ACTION ITEM | Exact copy required. Repeat the records, but keep the pictures out.

(Items from a data source)
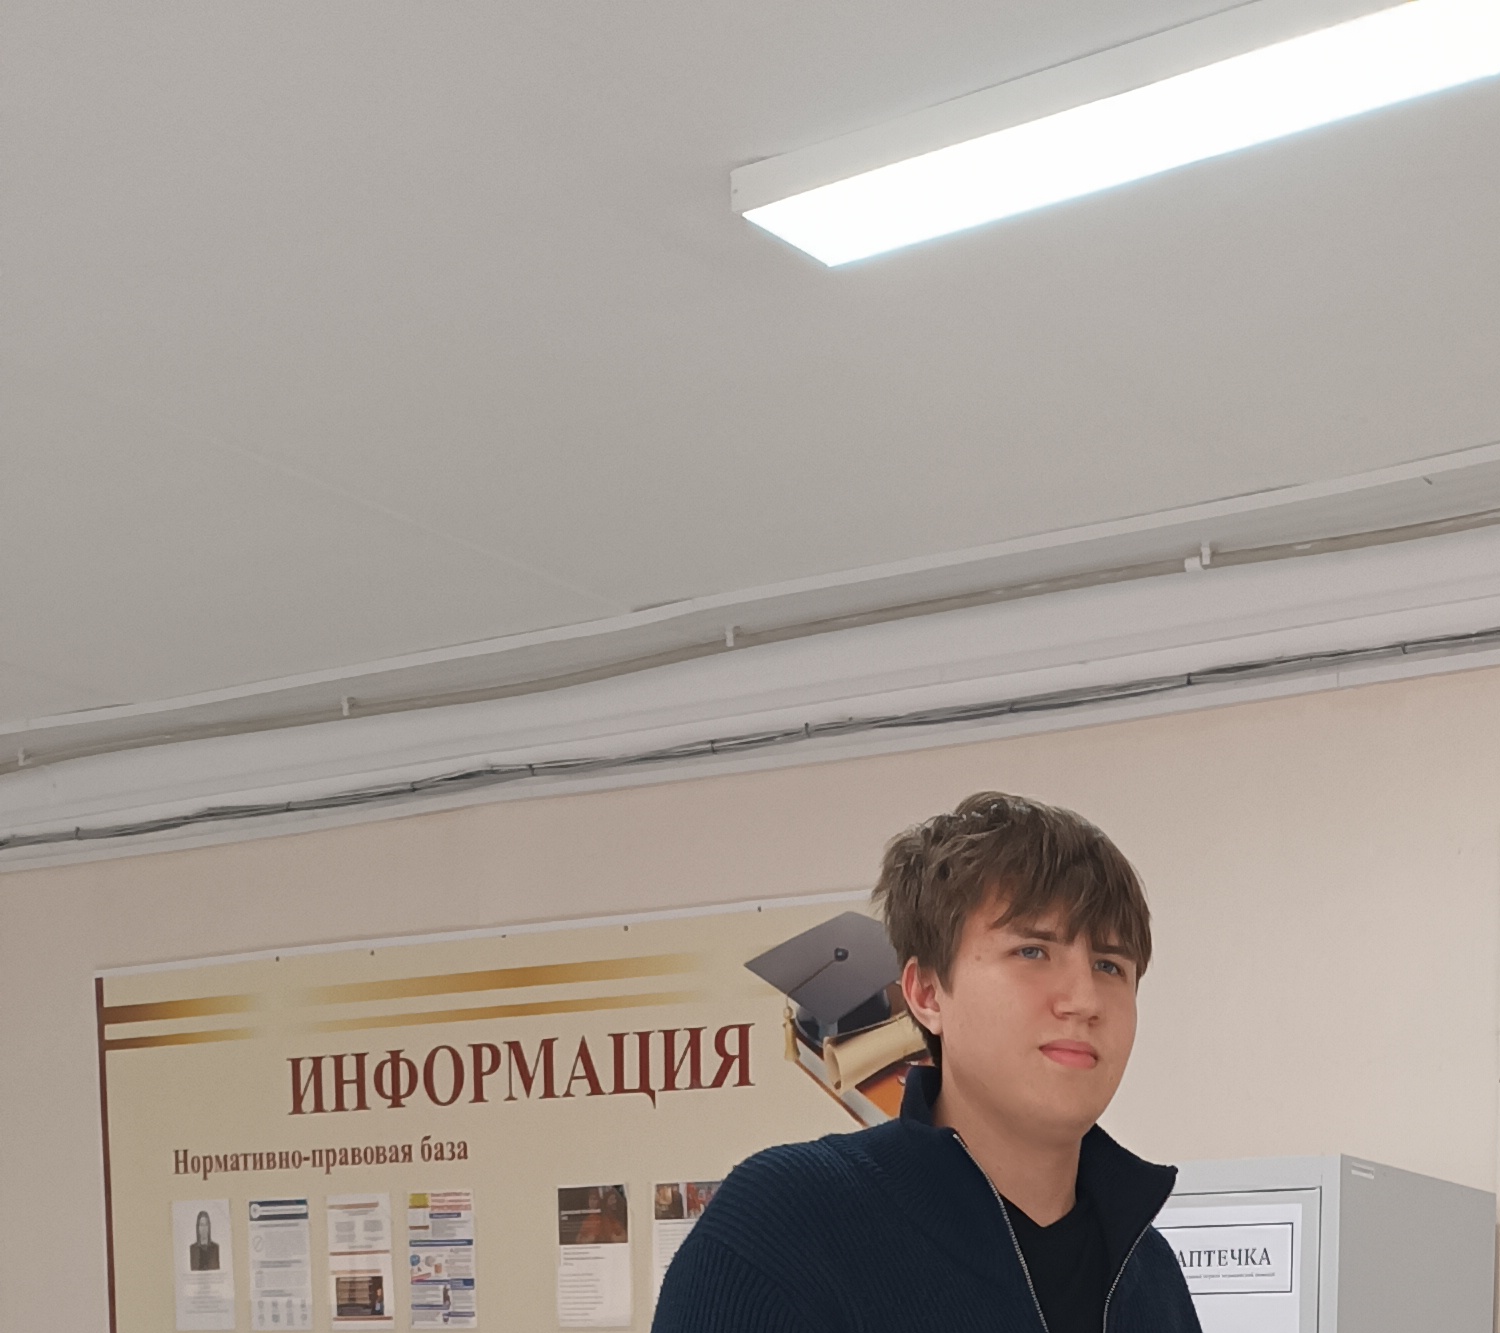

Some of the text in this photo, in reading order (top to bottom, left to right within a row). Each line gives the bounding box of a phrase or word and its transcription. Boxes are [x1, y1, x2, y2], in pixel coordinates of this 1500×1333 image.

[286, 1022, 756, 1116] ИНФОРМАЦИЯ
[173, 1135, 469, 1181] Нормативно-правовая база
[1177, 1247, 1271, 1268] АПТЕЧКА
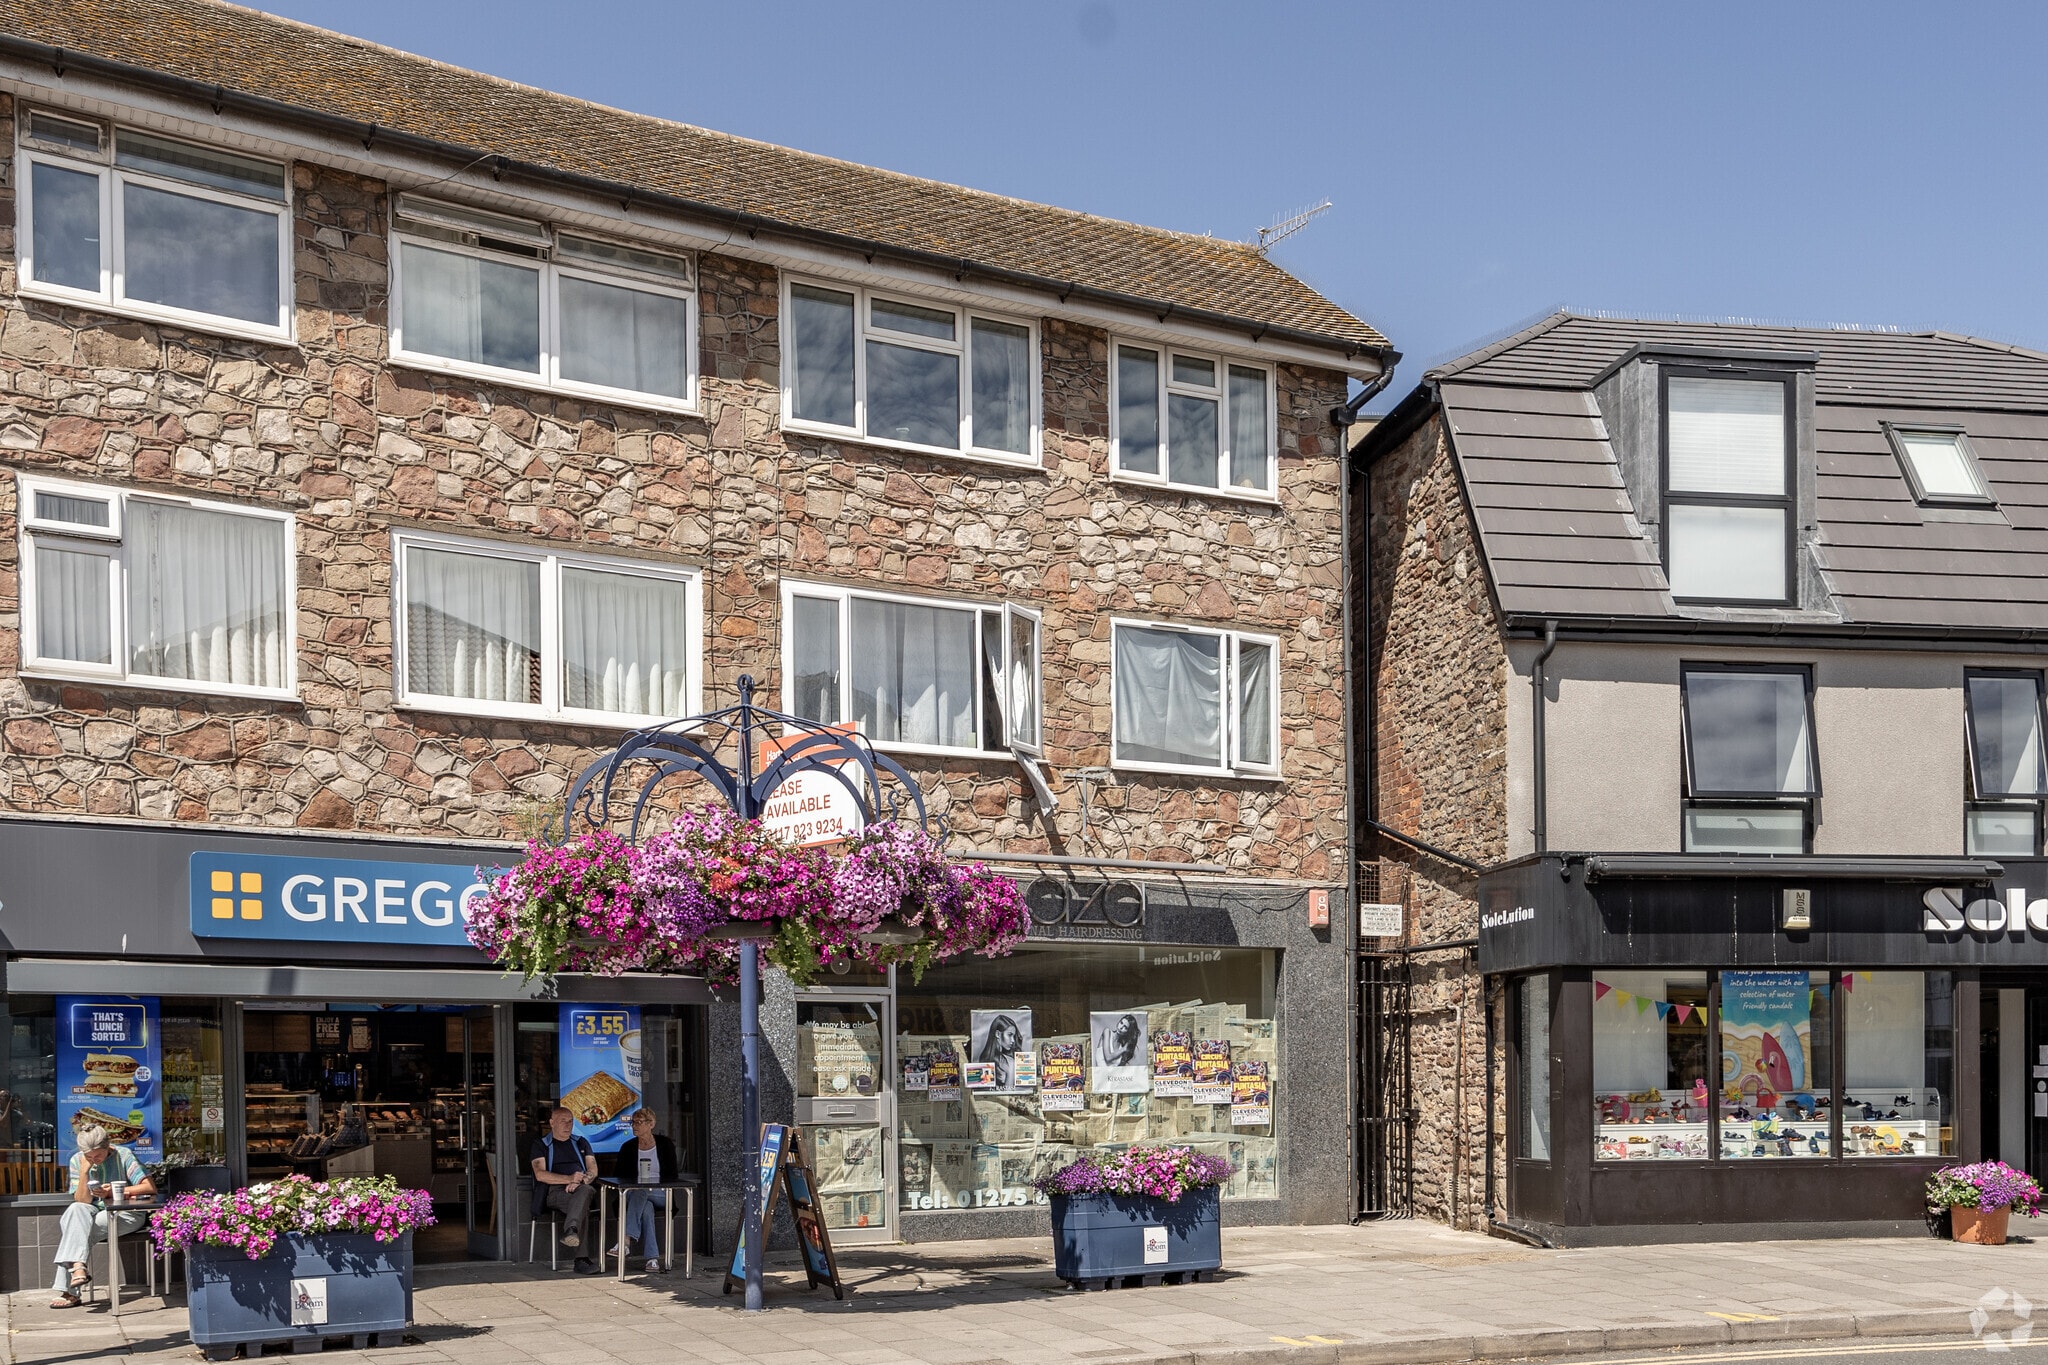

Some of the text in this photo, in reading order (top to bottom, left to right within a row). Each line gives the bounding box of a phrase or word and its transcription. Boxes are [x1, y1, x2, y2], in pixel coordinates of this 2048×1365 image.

ANSWER TO THIS TASK |
Some of the text in this photo, in reading order (top to bottom, left to right within a row). Each line gives the bounding box of a phrase or word and its transcription. Boxes are [x1, y1, x2, y2], in pixel coordinates of this 1500×1333 image.

[286, 1022, 756, 1116] ИНФОРМАЦИЯ
[173, 1135, 469, 1181] Нормативно-правовая база
[1177, 1247, 1271, 1268] АПТЕЧКА

Some of the text in this photo, in reading order (top to bottom, left to right within a row). Each line gives the bounding box of a phrase or word and its transcription. Boxes are [x1, y1, x2, y2], in pixel coordinates of this 2048×1365 image.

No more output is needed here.